Surprisingly, Dusted is the side project of Brian Borcherdt, best known for his electronic noise-making with Holy Fuck. Though fans of that manic band might find this totally out of left field, Borcherdt has indeed been making music like this for awhile. It’s nice to find a musician who can straddle these two worlds comfortably, and comfortable is the word here— the music of Dusted is not so much challenging as it is relaxed and lived-in, and Borcherdt makes it sound as though this were his main project all along.

Total Dust is a brief record, only ten sweet tracks, and they all feel just right, never stumbling out of focus. It also, for better or for worse, the kind of record that it’s pretty hard to give your undivided attention. Unfailingly, I’m surprised when its thirty minutes are up, having lost my place somewhere around the fifteen-minute mark. But it gets in there. Borcherdt has cultivated a muted, psychedelic-tinged sound in the vein of Galaxie 500 and Luna, with the former’s woozy vocals and the latter’s more crisp instrumentation, and the record’s more upbeat tracks even get a little Shins-y. Borcherdt uses a drum machine (not my favorite choice), and most of the vocals are layered with effects. But Total Dust stills manages to feel charmingly lo-fi and un-tampered with.

The songs on Total Dust blend well together, but the record never feels repetitive, just cohesive. The middle of the record, from “Cut Them Free” through “Property Lines,” is where things get most interesting, with psychedelic changes bolstered by haunting retro organ and synth sounds. “Cut Them Free” is the catchiest, most mainstream-sounding cut on the record, but its somewhat chipper sound is tempered by the three beauties that follow: the sparse “Low Humming,” the soaring “Bruises,” and the swooning “Pale Light.” There’s even a bit of Neil Young in this last track: Borcherdt’s voice feels rougher, and the omnipresent keyboards are missing. It’s a sound that I wished the band would have explored further, and it helps that the song also featured the record’s most memorable lyrics: “Was I too dumb to notice / The pale light in your eyes? / Was I too distracted / Did I turn away?” The theme throughout is this sort of vague wistful longing, but Borcherdt’s words rarely connect the way they do in “Pale Light,” and “Bruises” oddball refrain, “And the bruises are / Hard to cover / And both of your/ Arms are swingin’.”

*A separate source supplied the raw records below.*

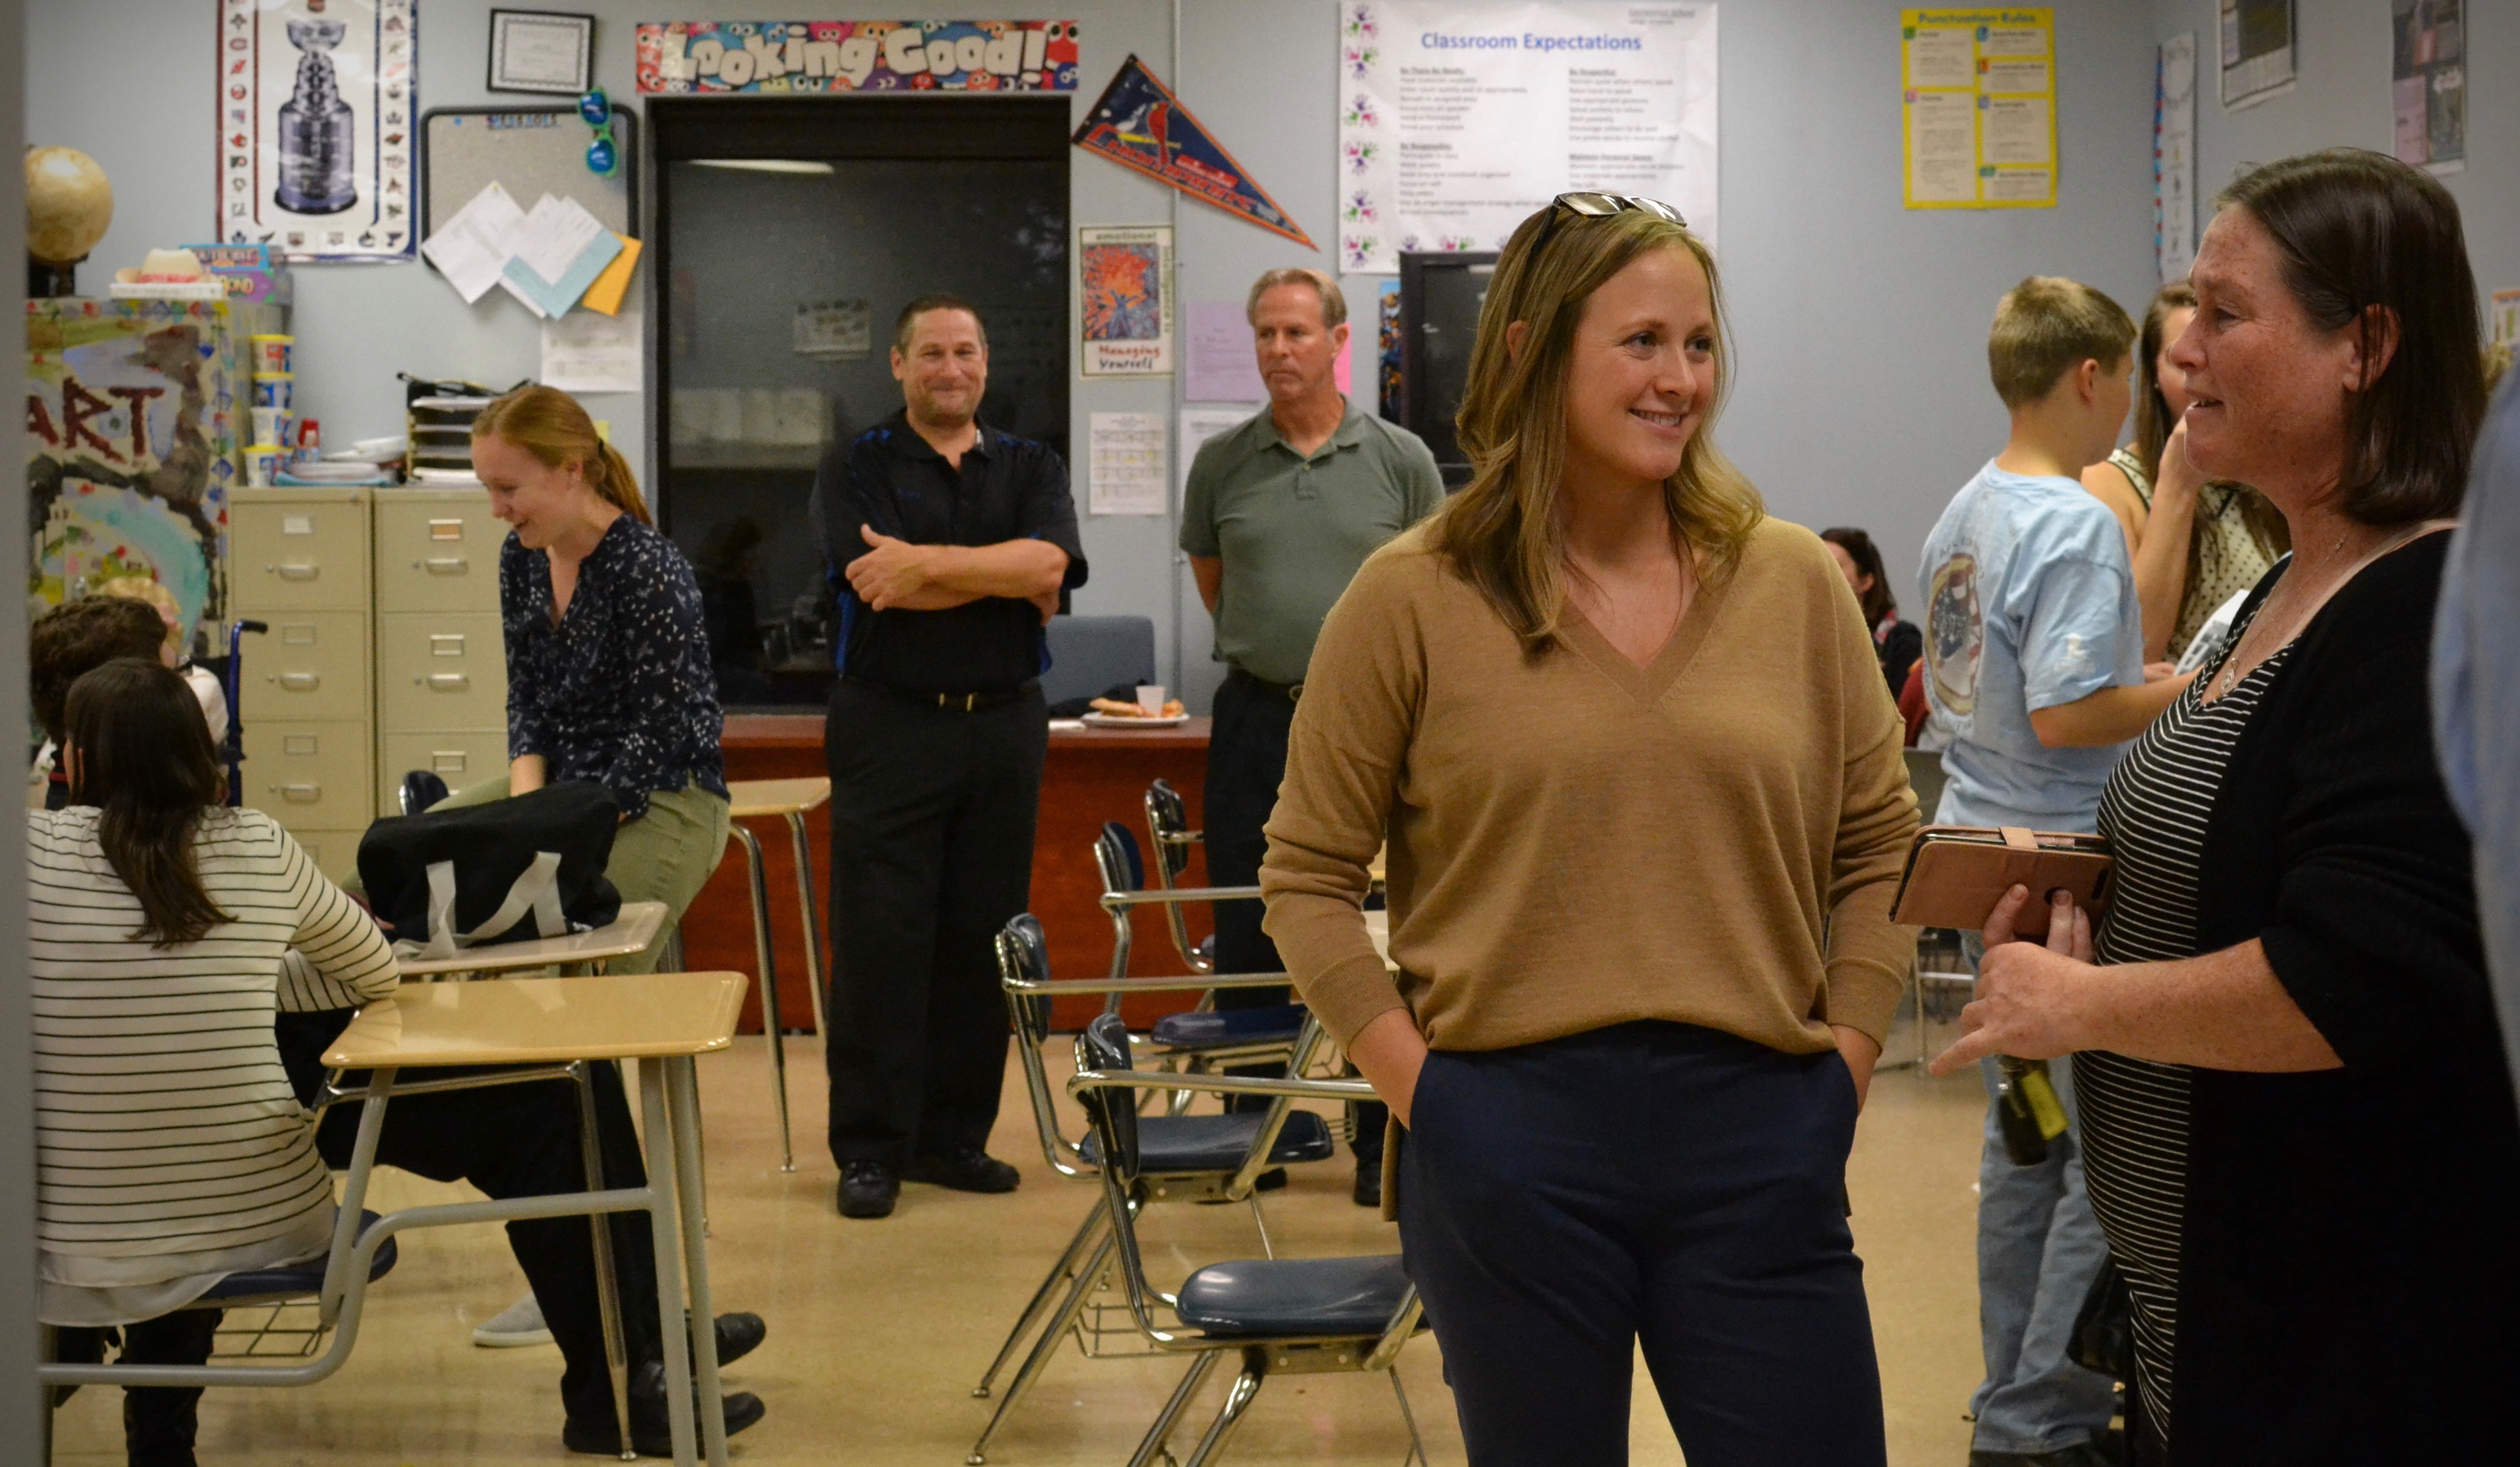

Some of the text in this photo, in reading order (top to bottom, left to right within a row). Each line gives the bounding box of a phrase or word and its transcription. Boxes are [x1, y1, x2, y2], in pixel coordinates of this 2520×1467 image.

[2001, 12, 2037, 23] Rules
[1421, 32, 1642, 53] Classroom Expectations
[660, 26, 1049, 88] Looking Good!
[1097, 231, 1157, 240] emotional
[1099, 345, 1161, 358] Managing
[1099, 357, 1152, 370] Yourself

One thing that lessens the impact of Total Dust’s lonesome indie-folk is Borcherdt himself. Vocally, he’s a dead ringer for Woods’ Jeremy Earl (whose style is not one of which I’m overly fond), and he’s at his best when he reigns the chirpiness in for a more plaintive sound. But his presence is somewhat innocuous; he lacks the pathos that a more charismatic singer would bring (at times Total Dust reminds me of early Rilo Kiley; just imagine Jenny Lewis singing “Bruises” and you’ll see what I mean). It’s a small complaint, but Borcherdt’s non-presence renders Total Dust a bit colder and more distant than it maybe ought to be.

Overall, though, Total Dust is a very nice record with a good melancholic mood. “Nice” may seem like damning praise, but this little gem is artfully constructed and surprisingly ingratiating—perfect background music for autumn brooding.